Le fossé entre le taux officiel du dollar et celui pratiqué sur le terrain ne cesse de s’élargir, semant la confusion parmi les consommateurs et les commerçants. Tandis que la Banque Centrale du Congo fixe le taux à 2 339 francs congolais, les réalités du marché contredisent ce chiffre.
Chez les cambistes, un dollar s’échange entre 1900 et 2 000 francs. Dans les stations-service, il monte jusqu’à 2 150 francs, et sur les plateformes de mobile money, le taux grimpe même à 2 470 francs. Résultat : les calculs ne s’accordent plus et les acheteurs ne savent plus à quelle référence se fier.
Un écart de plus de 430 francs par dollar est constaté entre le taux officiel et les taux du terrain — un indicateur clair de la tension qui pèse sur le franc congolais.

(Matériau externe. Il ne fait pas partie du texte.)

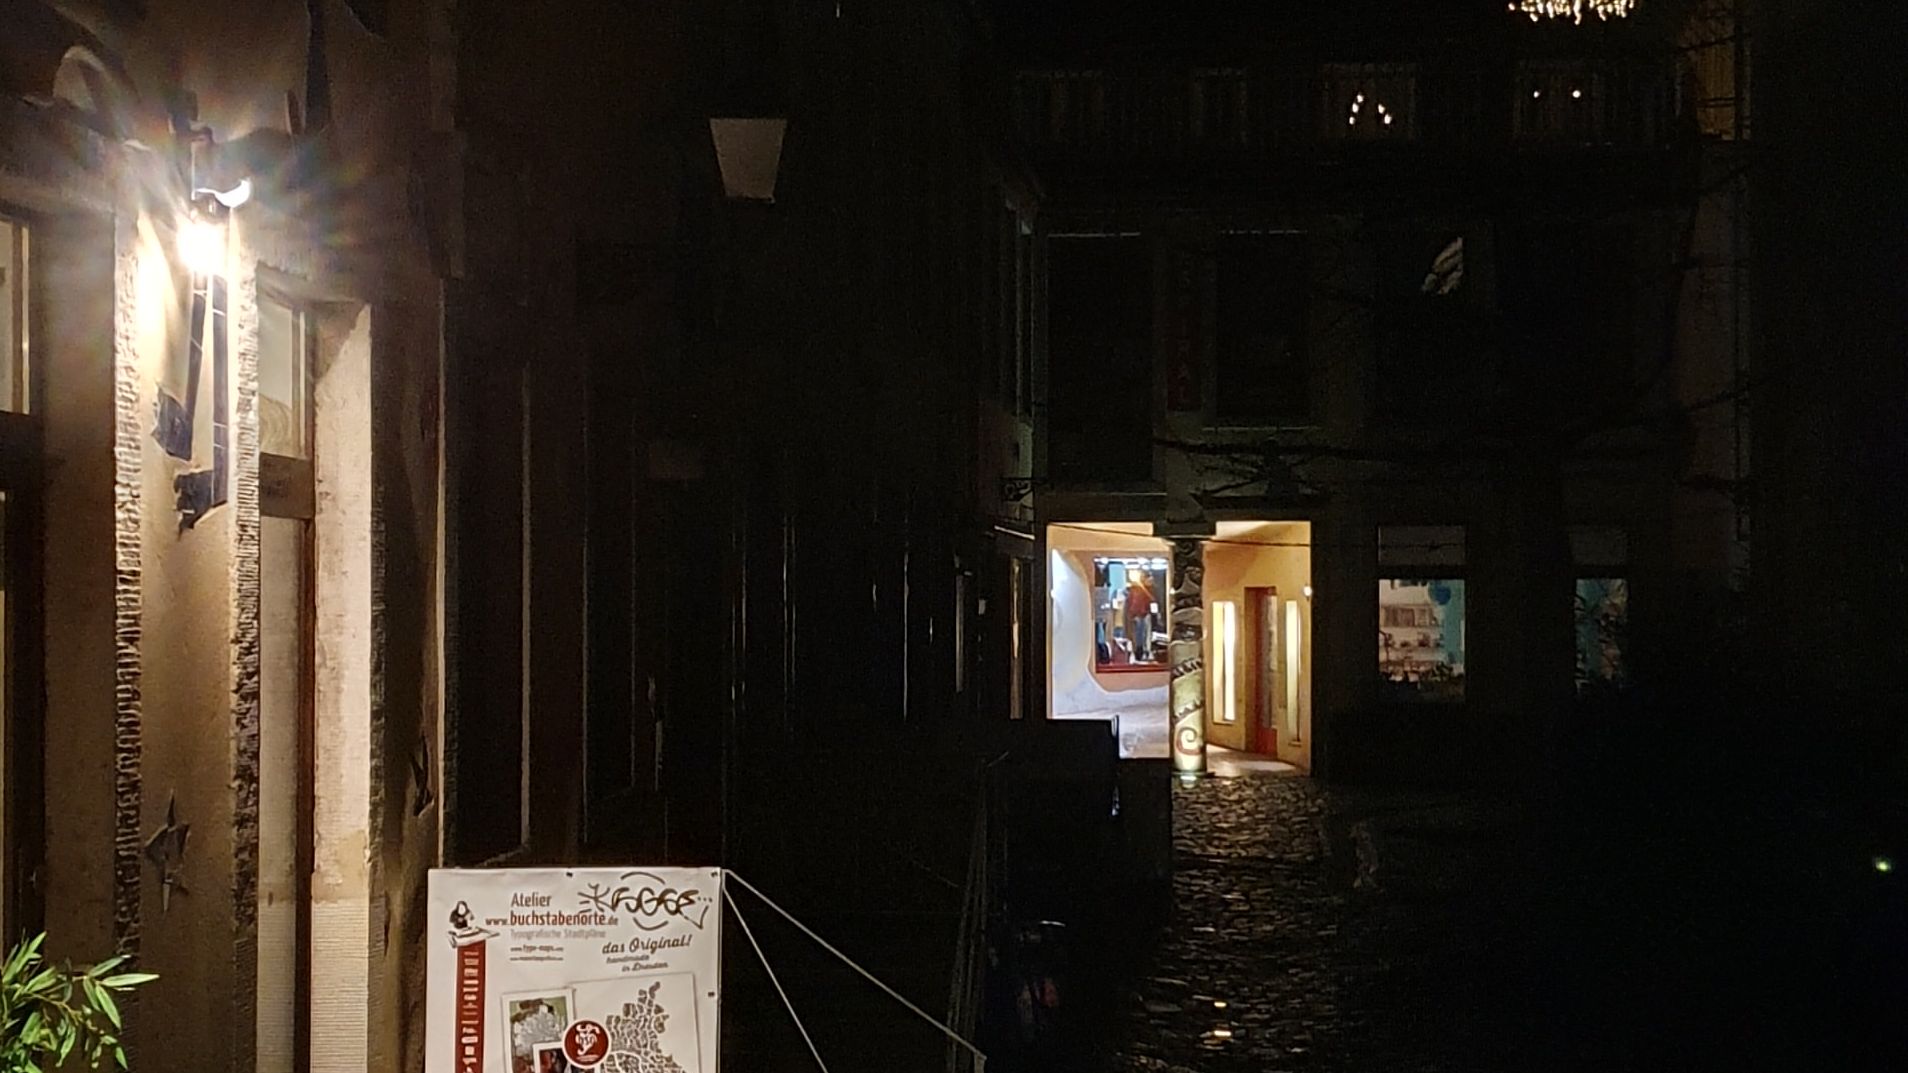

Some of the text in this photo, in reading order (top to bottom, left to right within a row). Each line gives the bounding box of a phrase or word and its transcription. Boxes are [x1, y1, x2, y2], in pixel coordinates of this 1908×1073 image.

Malgré cette instabilité, les prix sur les marchés restent provisoirement stables. Les commerçants expliquent qu’ils vendent encore des stocks achetés à l’ancien taux, mais préviennent qu’une révision des prix pourrait bientôt suivre.
Les cambistes, eux, rappellent qu’ils ne se basent pas sur les chiffres de la Banque Centrale, mais plutôt sur l’offre et la demande dictées par les commerçants et opérateurs du secteur informel.
Si certains voient dans la baisse du dollar un signe encourageant, d’autres y lisent un déséquilibre annonciateur de perturbations économiques plus larges.